━━ Provided information
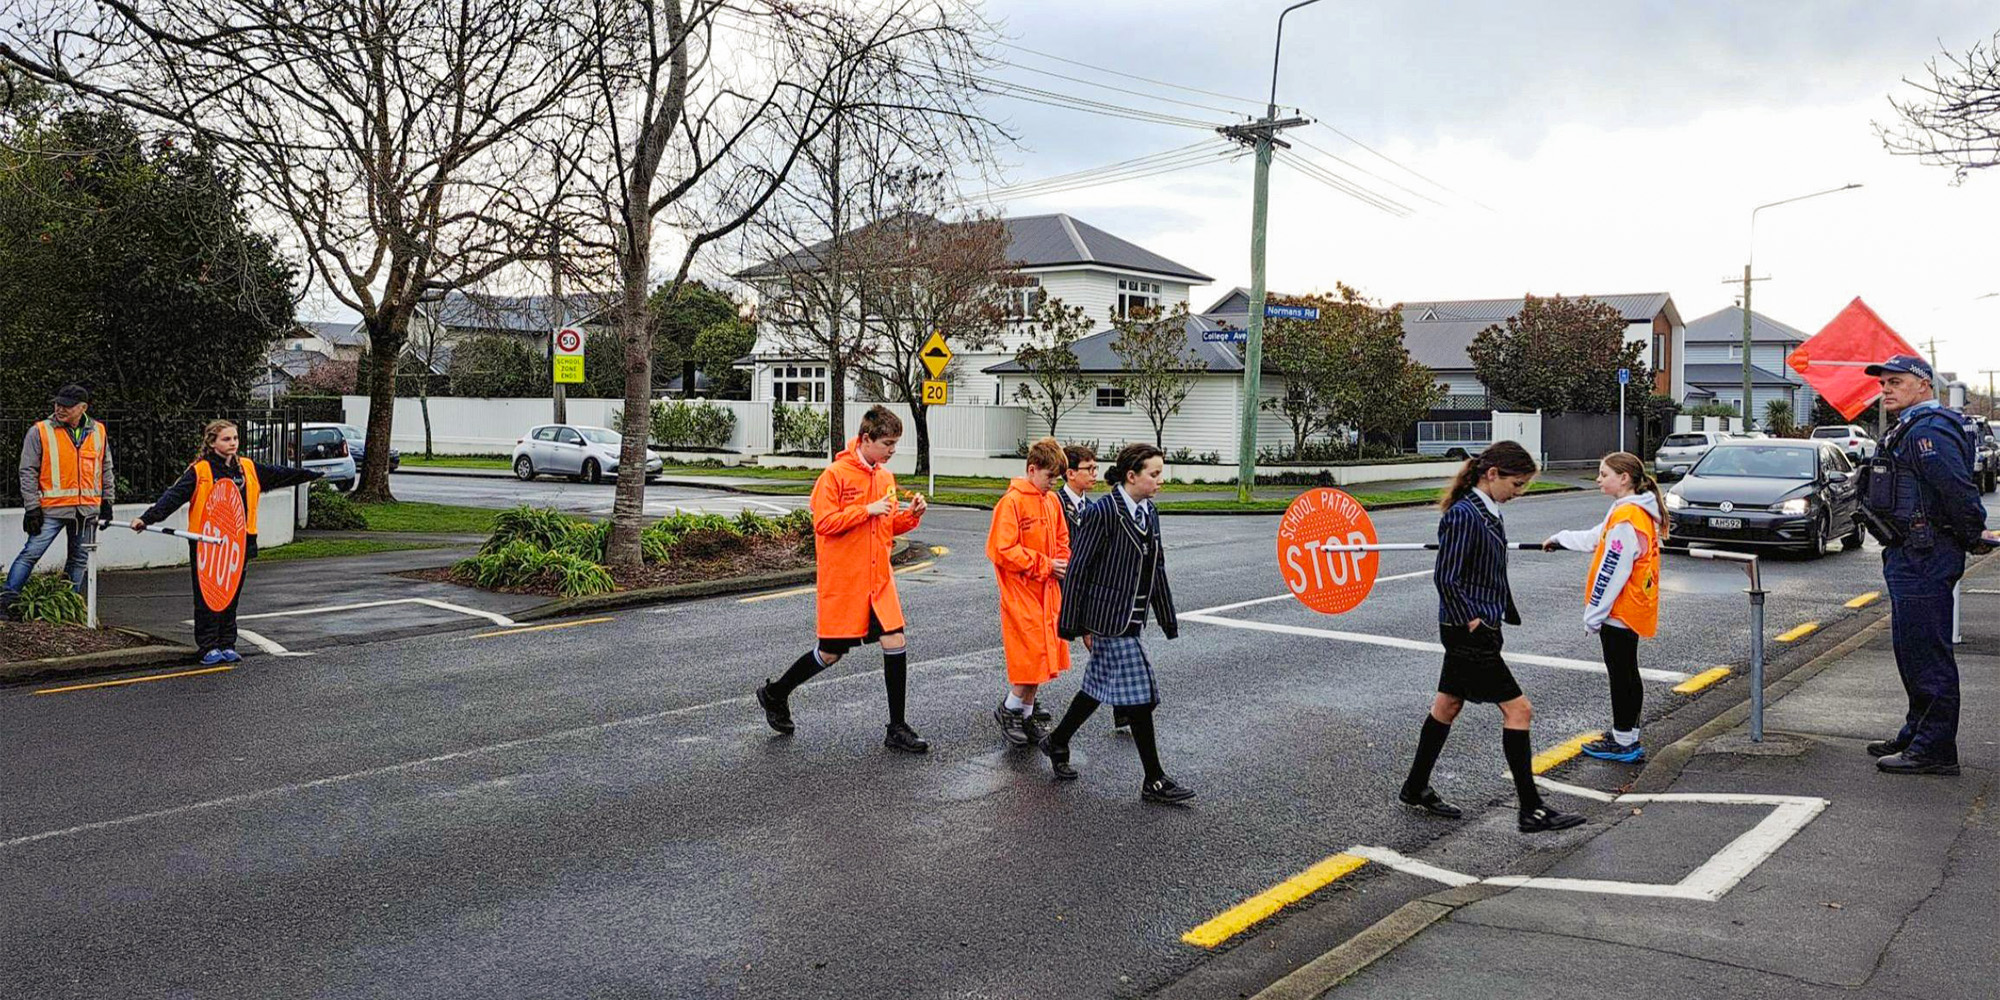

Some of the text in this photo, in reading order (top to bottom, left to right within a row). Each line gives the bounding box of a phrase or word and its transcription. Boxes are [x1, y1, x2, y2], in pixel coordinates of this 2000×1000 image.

[1203, 331, 1247, 341] College Ave
[1268, 306, 1315, 317] Normans Rd
[562, 336, 576, 345] 50
[927, 386, 943, 399] 20
[205, 482, 244, 537] SCHOOL PATROL
[1281, 491, 1362, 541] SCHOOL PATROL
[198, 520, 240, 592] STOP
[1286, 531, 1368, 594] STOP
[1589, 550, 1621, 607] MAUI HAWAII
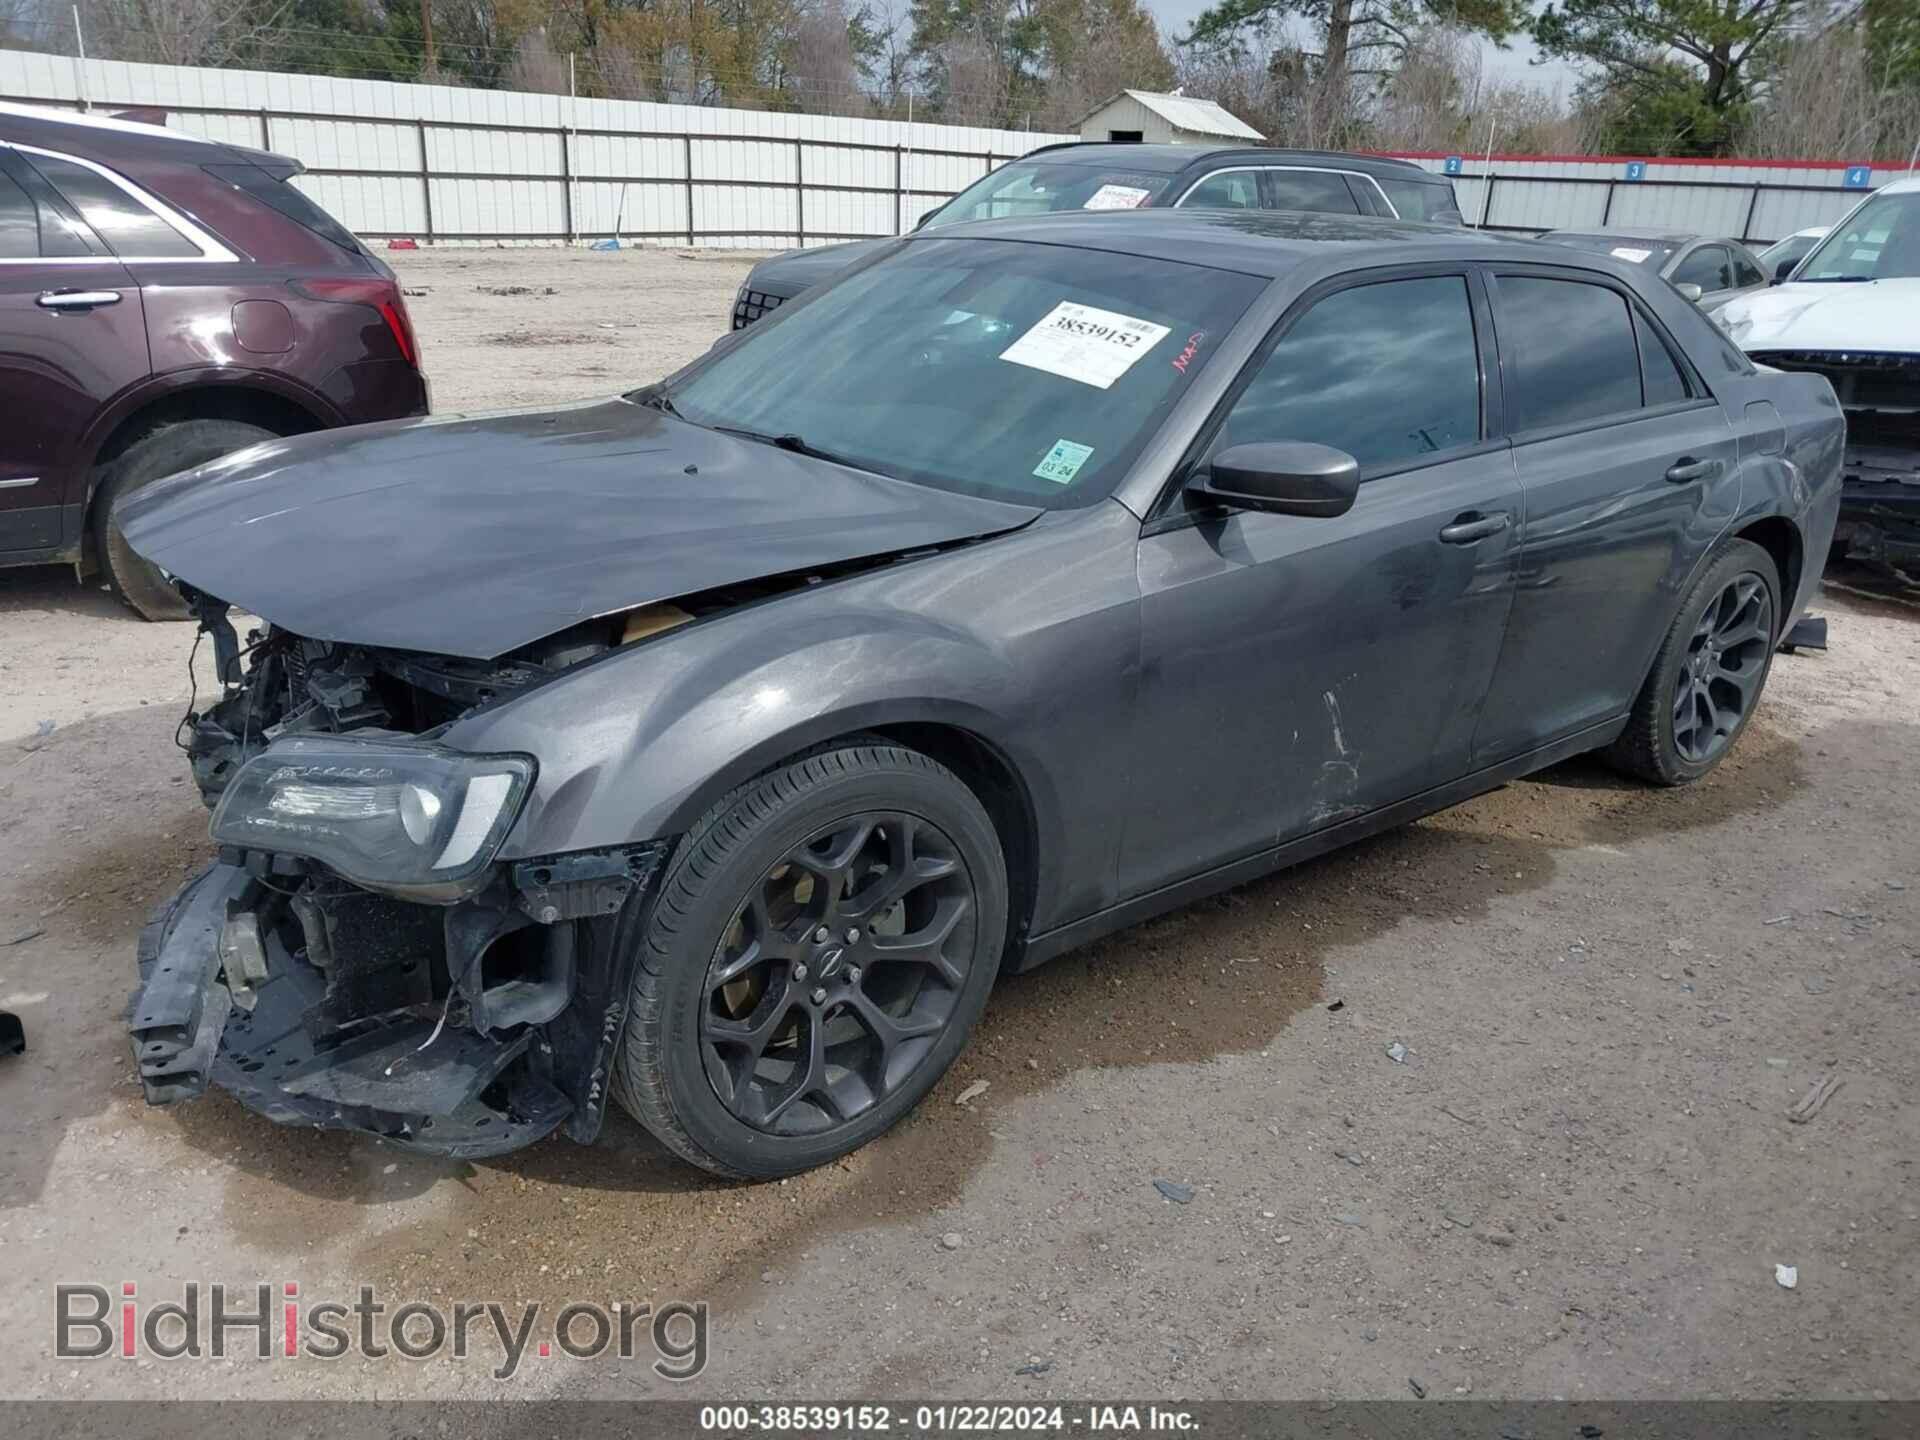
━━━━
- **Action item**: Transcribe each entry precisely as given, leaving the pictures out.

- **Solution to this task**:
Some of the text in this photo, in reading order (top to bottom, left to right within a row). Each line gives the bounding box of a phrase or word and its transcription. Boxes are [x1, y1, x2, y2], in pixel coordinates of this 2000×1000 image.

[1203, 331, 1247, 341] College Ave
[1268, 306, 1315, 317] Normans Rd
[562, 336, 576, 345] 50
[927, 386, 943, 399] 20
[205, 482, 244, 537] SCHOOL PATROL
[1281, 491, 1362, 541] SCHOOL PATROL
[198, 520, 240, 592] STOP
[1286, 531, 1368, 594] STOP
[1589, 550, 1621, 607] MAUI HAWAII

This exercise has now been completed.